Eclampsia, like preeclampsia, tends to occur more commonly in first pregnancies and young mothers where it is thought that exposure to paternal antigens still has been low.

Risk factors

  • History of pre-eclampsia/eclampsia: Personal history of a similar event in the past or family history is a significant risk factor for recurrence in the next pregnancy. Having pre-eclampsia in one pregnancy is a strong predictor for recurrence of pre-eclampsia in future gestations. The risk for women to develop pre-eclampsia during the second pregnancy is approximately 15% if the first pregnancy was affected by pre-eclampsia and 1.1% for those without a history of pre-eclampsia. The risk during the third pregnancy is approximately 30% for women who have had two previous affected pregnancies and remains 1.1% for those without any history. For women with the first occurrence of pre-eclampsia in their second pregnancy, the risk was 15.9% during the third pregnancy and 29.0% during the fourth when they had developed pre-eclampsia in the previous two pregnancies.[1]

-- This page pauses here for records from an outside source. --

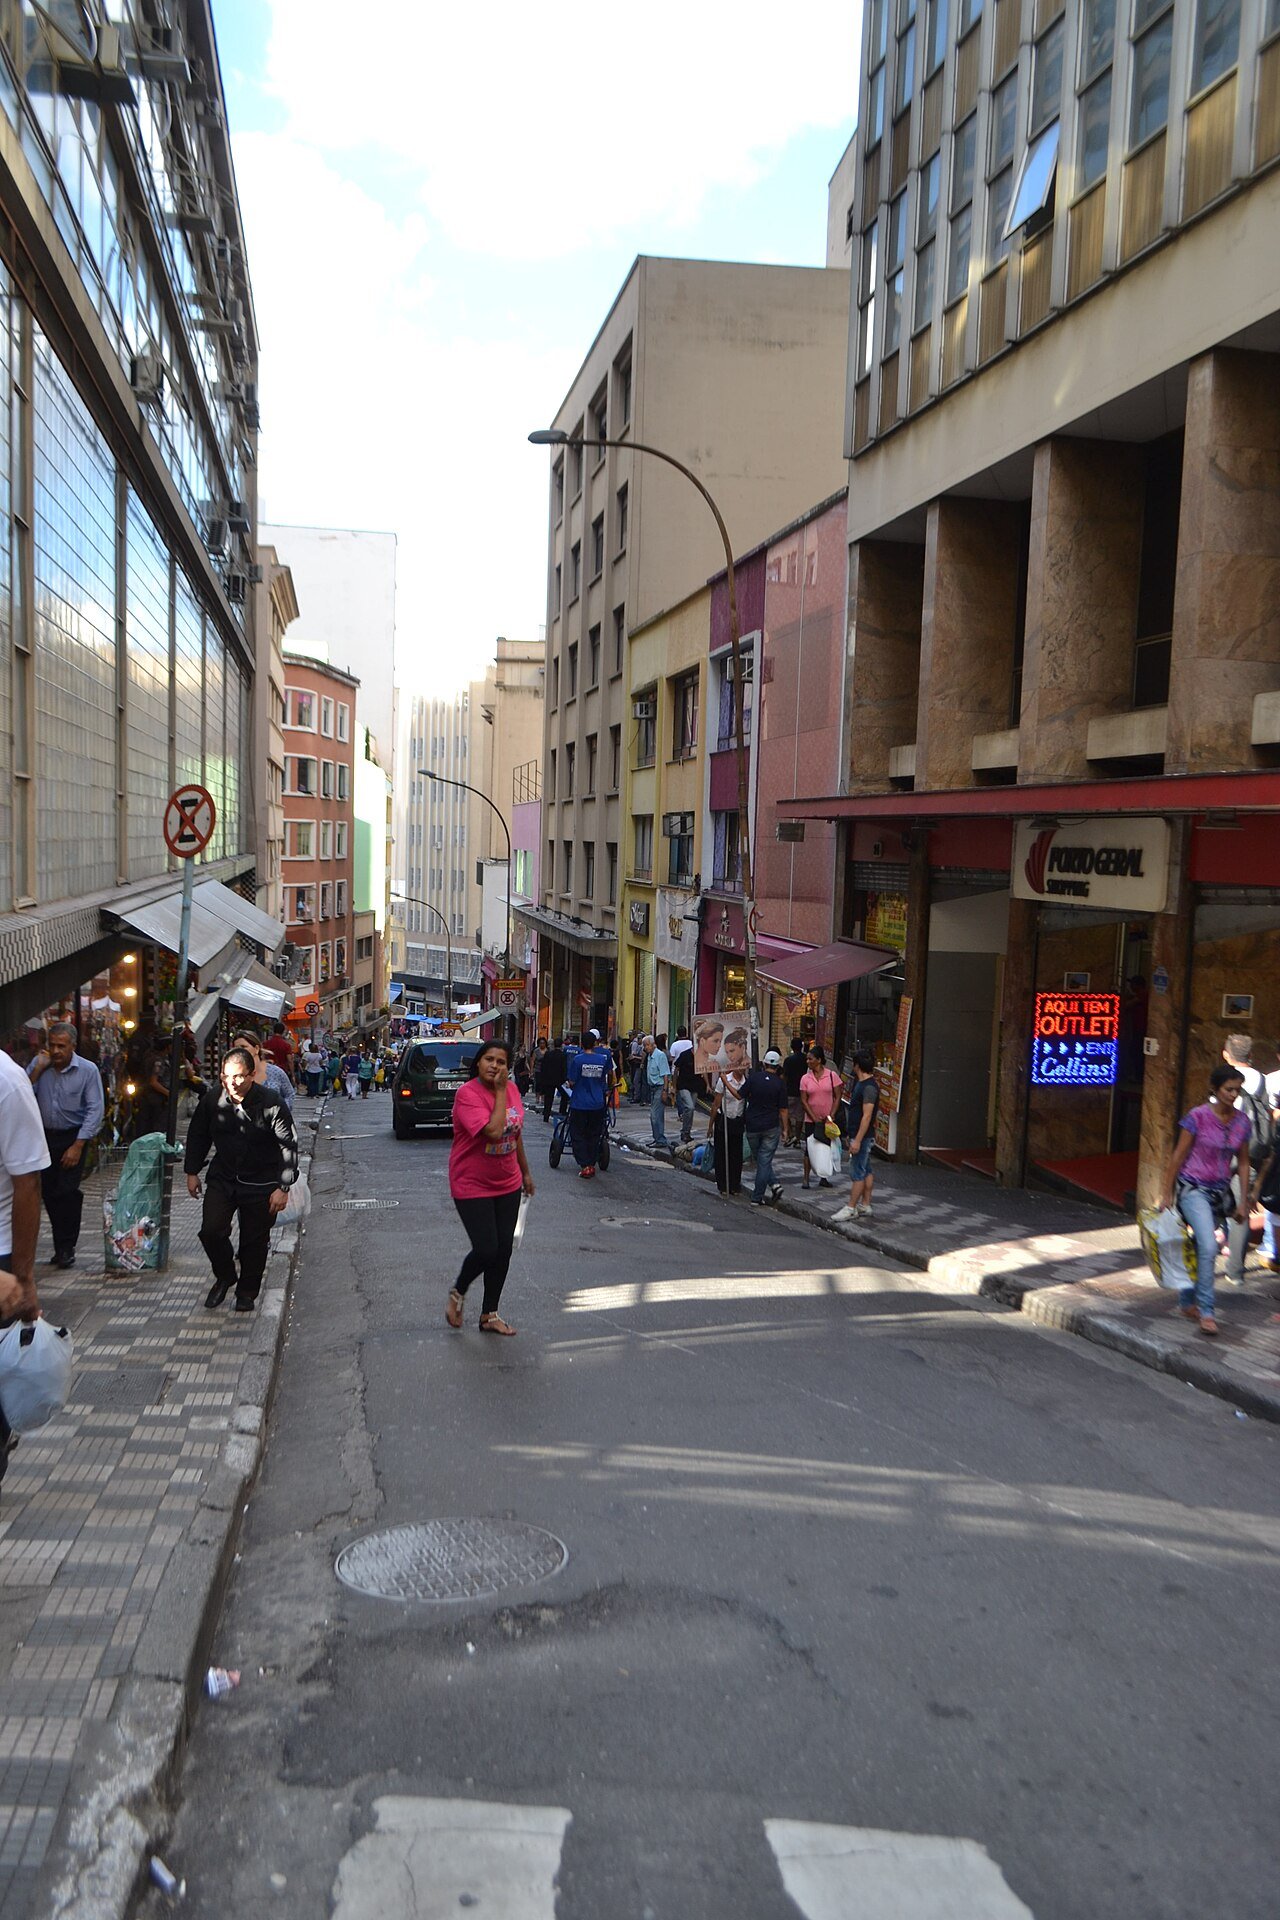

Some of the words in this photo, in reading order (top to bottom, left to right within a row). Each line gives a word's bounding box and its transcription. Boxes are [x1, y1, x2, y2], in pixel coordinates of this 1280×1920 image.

[1048, 846, 1094, 874] PORTO
[1095, 847, 1144, 877] GERAL
[1044, 1000, 1079, 1015] AQUI
[1083, 1001, 1110, 1014] TEM
[1040, 1015, 1115, 1035] OUTLET
[1040, 1057, 1110, 1077] Collins

  • Nulliparity: The risk for multiparous women without a history of pre-eclampsia was around 1%.[1]
  • Primigravida: The risk of pre-eclampsia is 4.1% in the first pregnancy and 1.7% in later pregnancies overall if none of the previous pregnancies have been affected by pre-eclampsia.[1] This association is the core of theory that says that pre-eclampsia is the consequence of a maternal immune reaction against paternal antigens expressed in the placenta which might result in defective trophoblast invasion and subsequent placental dysfunction. The lower risk of pre-eclampsia among multiparous women has been attributed to desensitisation after exposure to paternal antigens in the placenta during previous pregnancies.[2][3] and to smoother trophoblastic invasion after modification of maternal spiral arteries during the first pregnancy.[4] For this reason pre-eclampsia is also known as a disease of primiparity.
  • Interpregnancy interval: A long interpregnancy interval is associated with increased risk of preeclampsia, supporting the hypothesis that some factors delaying clinically recognized conception may also be in a causal pathway for preeclampsia.[5]

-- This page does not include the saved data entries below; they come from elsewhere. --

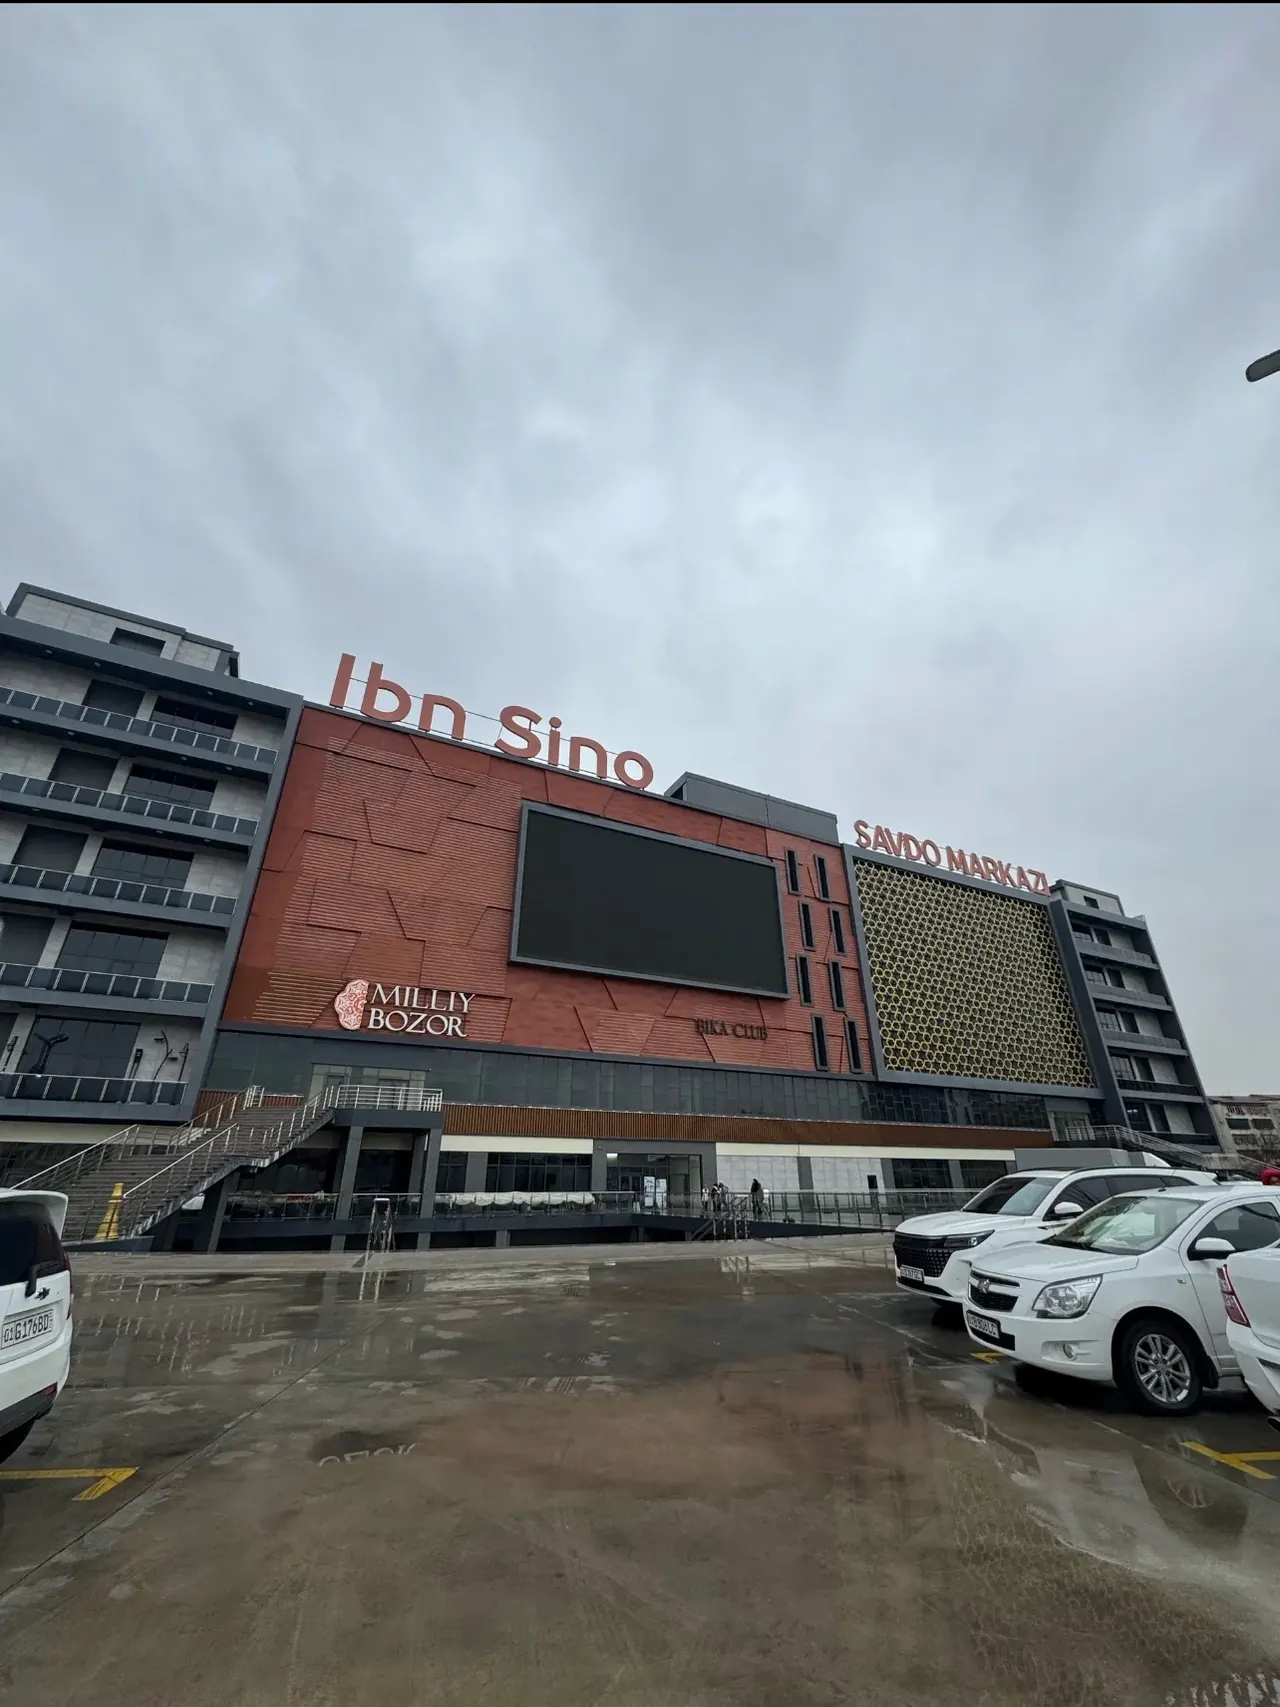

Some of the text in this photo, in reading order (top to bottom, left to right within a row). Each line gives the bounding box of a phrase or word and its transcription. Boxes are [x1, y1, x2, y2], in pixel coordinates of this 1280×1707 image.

[329, 652, 654, 789] Ibn Sino
[853, 819, 1051, 896] SAVDO MARKAZI
[370, 983, 476, 1014] MILLIY
[367, 1007, 468, 1038] BOZOR
[732, 1022, 768, 1041] CLUB

  • Conditions with a large placenta:
    • Multiple gestations: The relative risk of preterm preeclampsia in di-chorionic and mono-chorionic twin pregnancies is similar and substantially higher than in singleton pregnancies. In a study, it was found that the incidence of pre-eclampsia in singleton pregnancies was 2.3% compared to 8% in dichorionic(DC) twin pregnancies and 6% in monochorionic(MC) twin pregnancies. Compared to singletons, the relative risk of total pre-eclampsia was 3.5 for DC twins and 2.6 for MC twins.[6]
    • Hydatiform mole
  • Women with preexisting vascular diseases:
  • Genetics: Patients whose mother or sister had the condition are at a higher risk.[7]

References

  1. 1.0 1.1 1.2 Hernández-Díaz S, Toh S, Cnattingius S (2009). "Risk of pre-eclampsia in first and subsequent pregnancies: prospective cohort study". BMJ. 338: b2255. doi:10.1136/bmj.b2255. PMC 3269902. PMID 19541696.

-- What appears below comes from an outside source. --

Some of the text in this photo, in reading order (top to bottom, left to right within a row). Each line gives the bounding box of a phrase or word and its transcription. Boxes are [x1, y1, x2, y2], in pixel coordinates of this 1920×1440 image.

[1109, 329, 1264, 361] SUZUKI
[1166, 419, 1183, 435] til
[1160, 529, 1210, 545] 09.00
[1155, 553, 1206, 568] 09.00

  2. Luo ZC, An N, Xu HR, Larante A, Audibert F, Fraser WD (2007). "The effects and mechanisms of primiparity on the risk of pre-eclampsia: a systematic review". Paediatr Perinat Epidemiol. 21 Suppl 1: 36–45. doi:10.1111/j.1365-3016.2007.00836.x. PMID 17593196.
  3. Saftlas AF, Levine RJ, Klebanoff MA, Martz KL, Ewell MG, Morris CD; et al. (2003). "Abortion, changed paternity, and risk of preeclampsia in nulliparous women". Am J Epidemiol. 157 (12): 1108–14. doi:10.1093/aje/kwg101. PMID 12796047.
  4. Moore MP, Redman CW (1983). "Case-control study of severe pre-eclampsia of early onset". Br Med J (Clin Res Ed). 287 (6392): 580–3. doi:10.1136/bmj.287.6392.580. PMC 1548969. PMID 6411232.
  5. Basso O, Weinberg CR, Baird DD, Wilcox AJ, Olsen J, Danish National Birth Cohort (2003). "Subfecundity as a correlate of preeclampsia: a study within the Danish National Birth Cohort". Am J Epidemiol. 157 (3): 195–202. doi:10.1093/aje/kwf194. PMID 12543618.
  6. Francisco, C., Wright, D., Benkő, Z., Syngelaki, A. and Nicolaides, K.H. (2017), Hidden high rate of pre-eclampsia in twin compared with a singleton pregnancy. Ultrasound Obstet Gynecol, 50: 88-92. https://doi.org/10.1002/uog.17470
  7. Chesley LC, Annitto JE, Cosgrove RA. "The familial factor in toxemia of pregnancy". Obstet Gynecol 1968;32:303.